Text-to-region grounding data
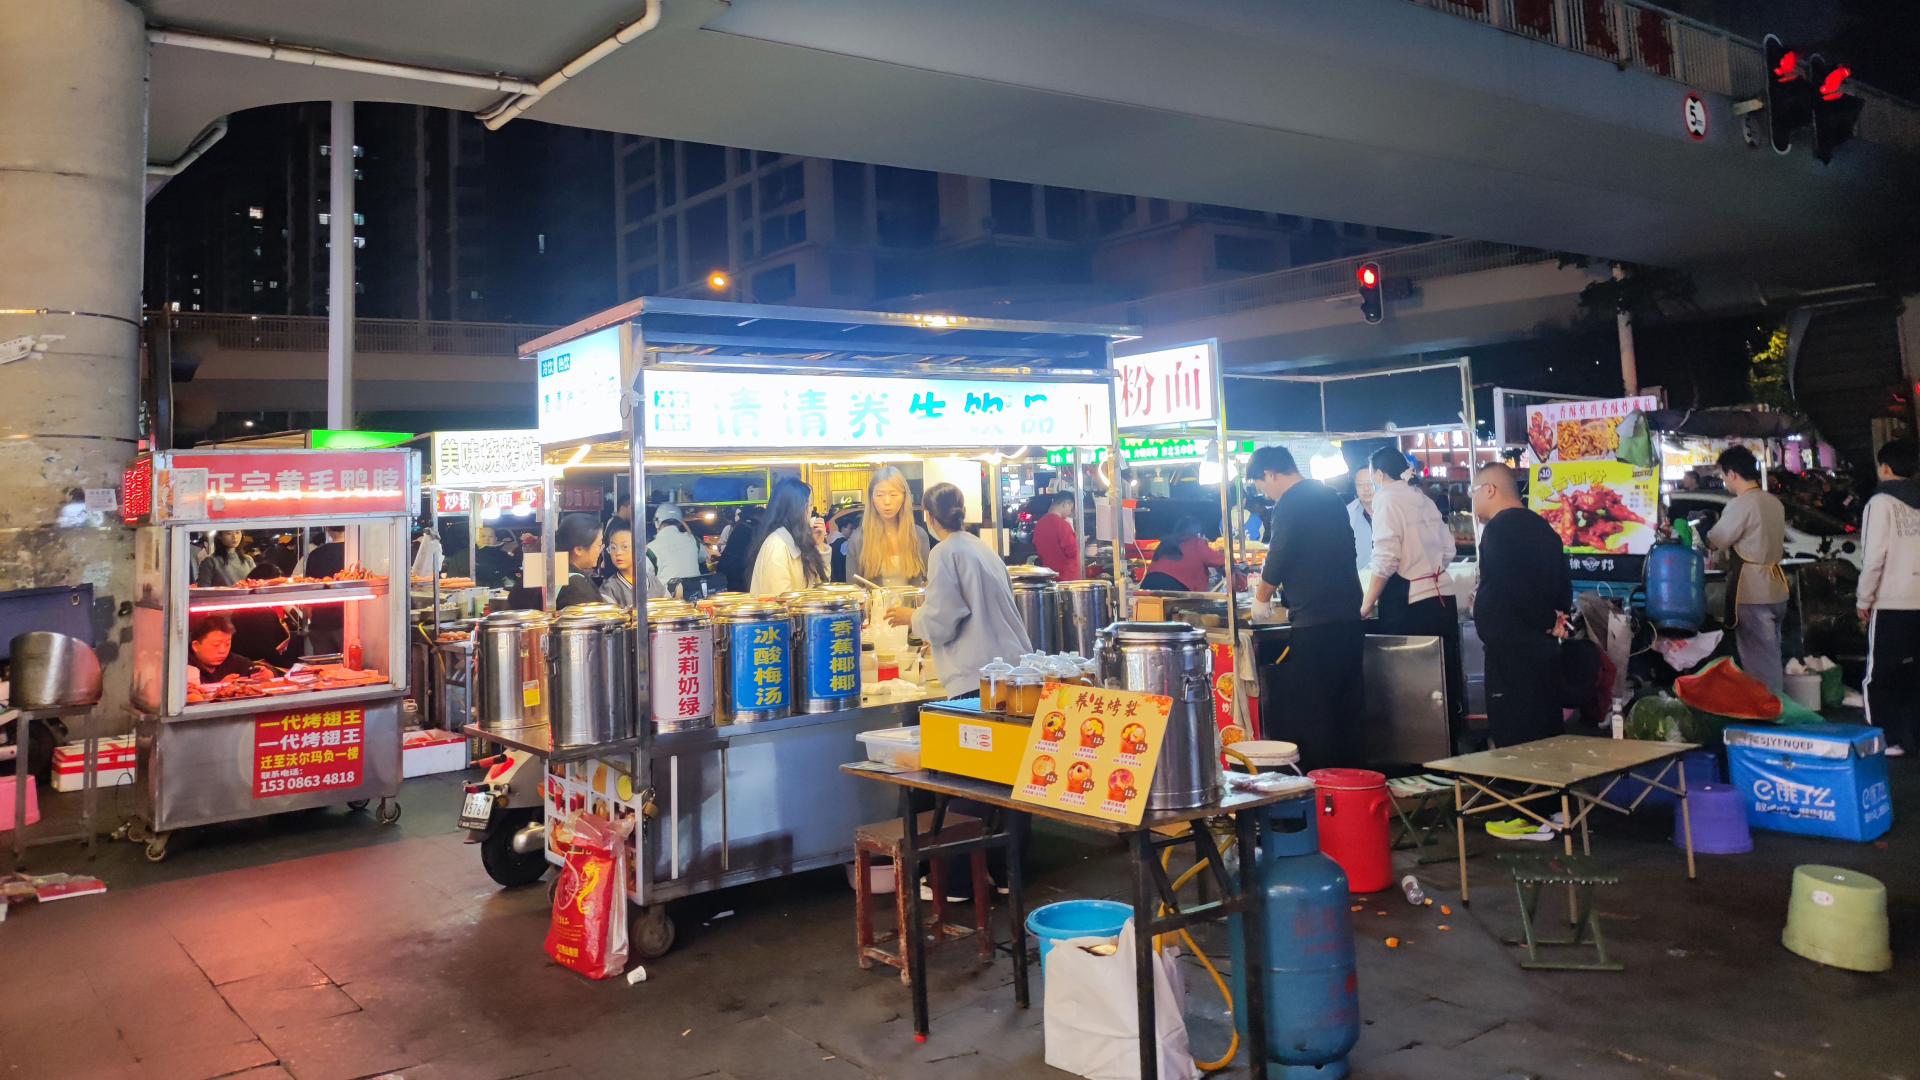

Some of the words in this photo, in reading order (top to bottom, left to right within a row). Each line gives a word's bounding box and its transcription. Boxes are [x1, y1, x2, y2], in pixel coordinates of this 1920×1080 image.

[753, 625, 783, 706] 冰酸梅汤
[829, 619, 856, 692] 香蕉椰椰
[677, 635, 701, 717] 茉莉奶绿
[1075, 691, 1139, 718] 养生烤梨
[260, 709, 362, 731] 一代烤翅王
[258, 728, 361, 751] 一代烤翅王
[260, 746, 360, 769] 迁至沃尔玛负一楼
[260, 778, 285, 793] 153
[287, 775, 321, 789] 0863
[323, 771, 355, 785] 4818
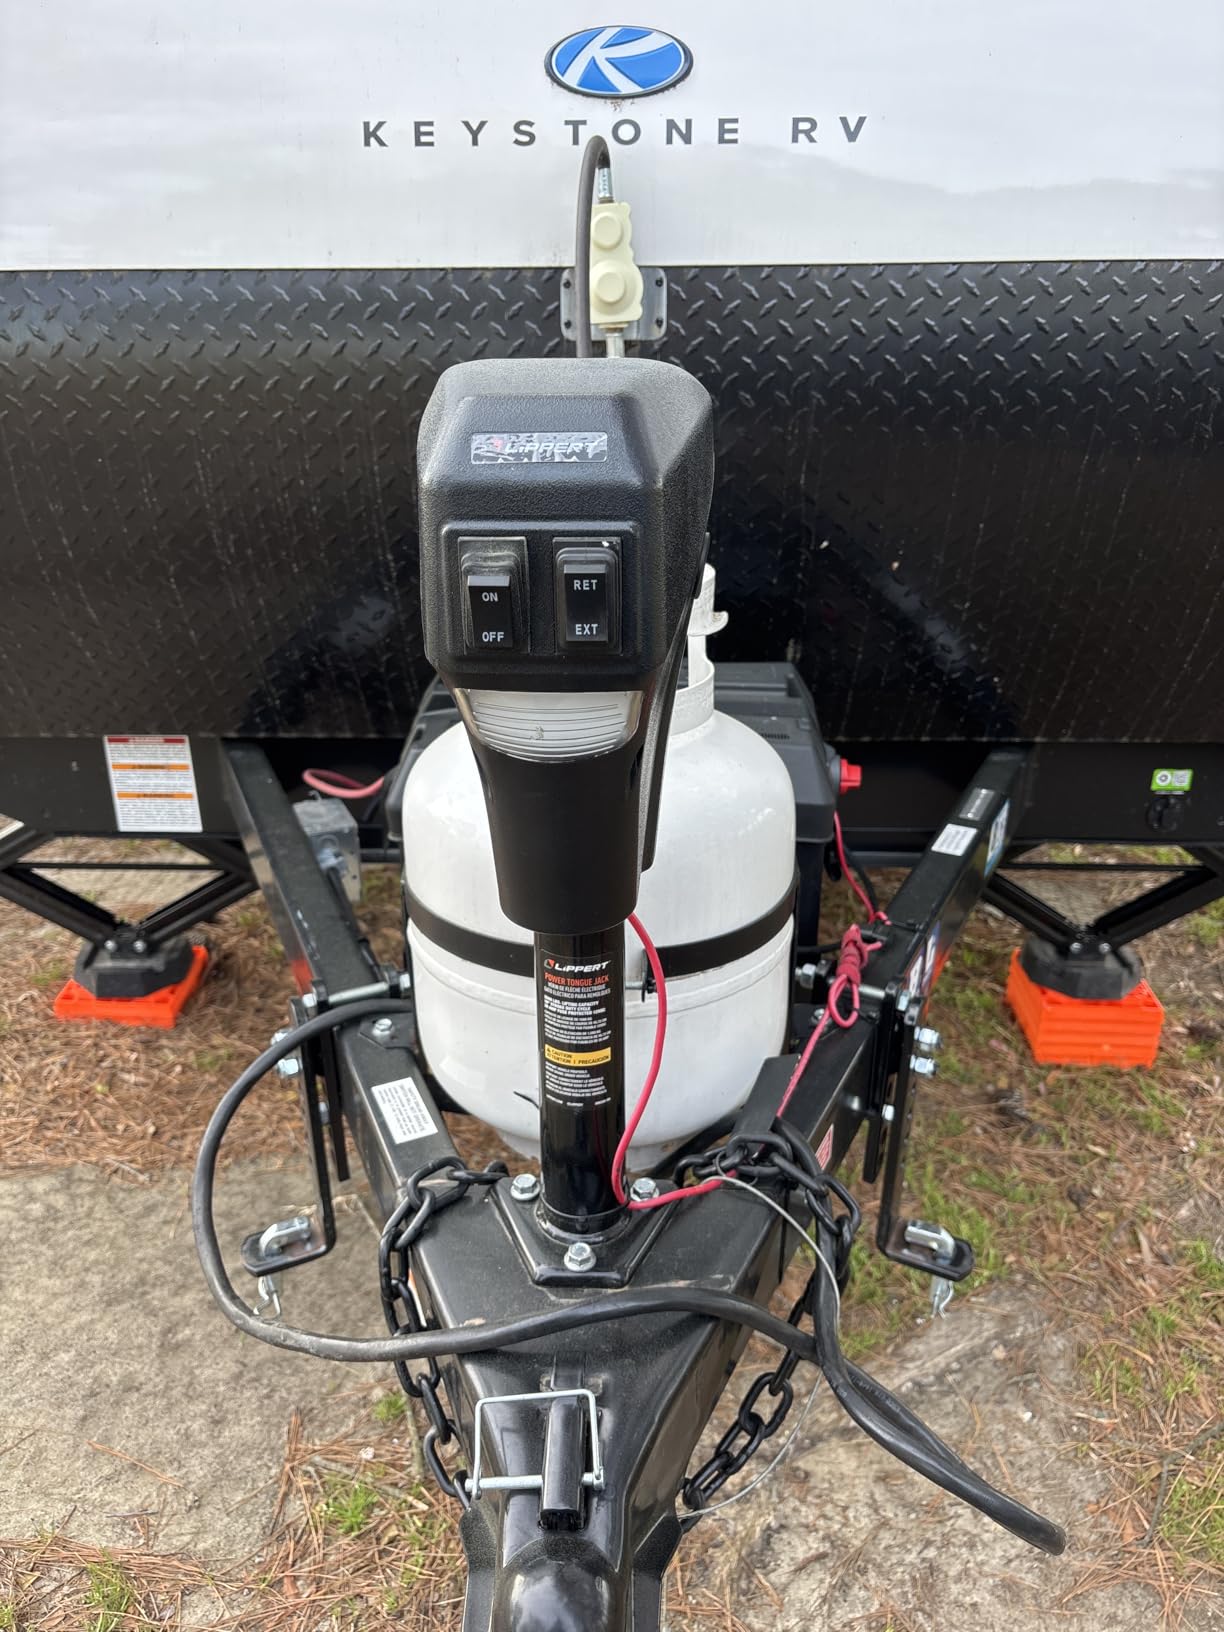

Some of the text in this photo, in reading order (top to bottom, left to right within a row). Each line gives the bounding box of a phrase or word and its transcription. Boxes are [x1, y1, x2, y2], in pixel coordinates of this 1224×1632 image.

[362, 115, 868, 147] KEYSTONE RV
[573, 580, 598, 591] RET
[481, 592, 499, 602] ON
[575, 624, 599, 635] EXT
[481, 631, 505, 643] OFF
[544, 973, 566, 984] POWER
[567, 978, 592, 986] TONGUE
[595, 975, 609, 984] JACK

:: Exercise objective ::
Every word of the data should be reproduced exactly; please omit any pictures.

:: Your response ::
Some of the words in this photo, in reading order (top to bottom, left to right within a row). Each line gives a word's bounding box and its transcription. Boxes are [x1, y1, x2, y2], in pixel coordinates of this 1920×1080 image.

[753, 625, 783, 706] 冰酸梅汤
[829, 619, 856, 692] 香蕉椰椰
[677, 635, 701, 717] 茉莉奶绿
[1075, 691, 1139, 718] 养生烤梨
[260, 709, 362, 731] 一代烤翅王
[258, 728, 361, 751] 一代烤翅王
[260, 746, 360, 769] 迁至沃尔玛负一楼
[260, 778, 285, 793] 153
[287, 775, 321, 789] 0863
[323, 771, 355, 785] 4818

Some of the text in this photo, in reading order (top to bottom, left to right within a row). Each line gives the bounding box of a phrase or word and its transcription. Boxes are [x1, y1, x2, y2], in pixel coordinates of this 1224×1632 image.

[362, 115, 868, 147] KEYSTONE RV
[573, 580, 598, 591] RET
[481, 592, 499, 602] ON
[575, 624, 599, 635] EXT
[481, 631, 505, 643] OFF
[544, 973, 566, 984] POWER
[567, 978, 592, 986] TONGUE
[595, 975, 609, 984] JACK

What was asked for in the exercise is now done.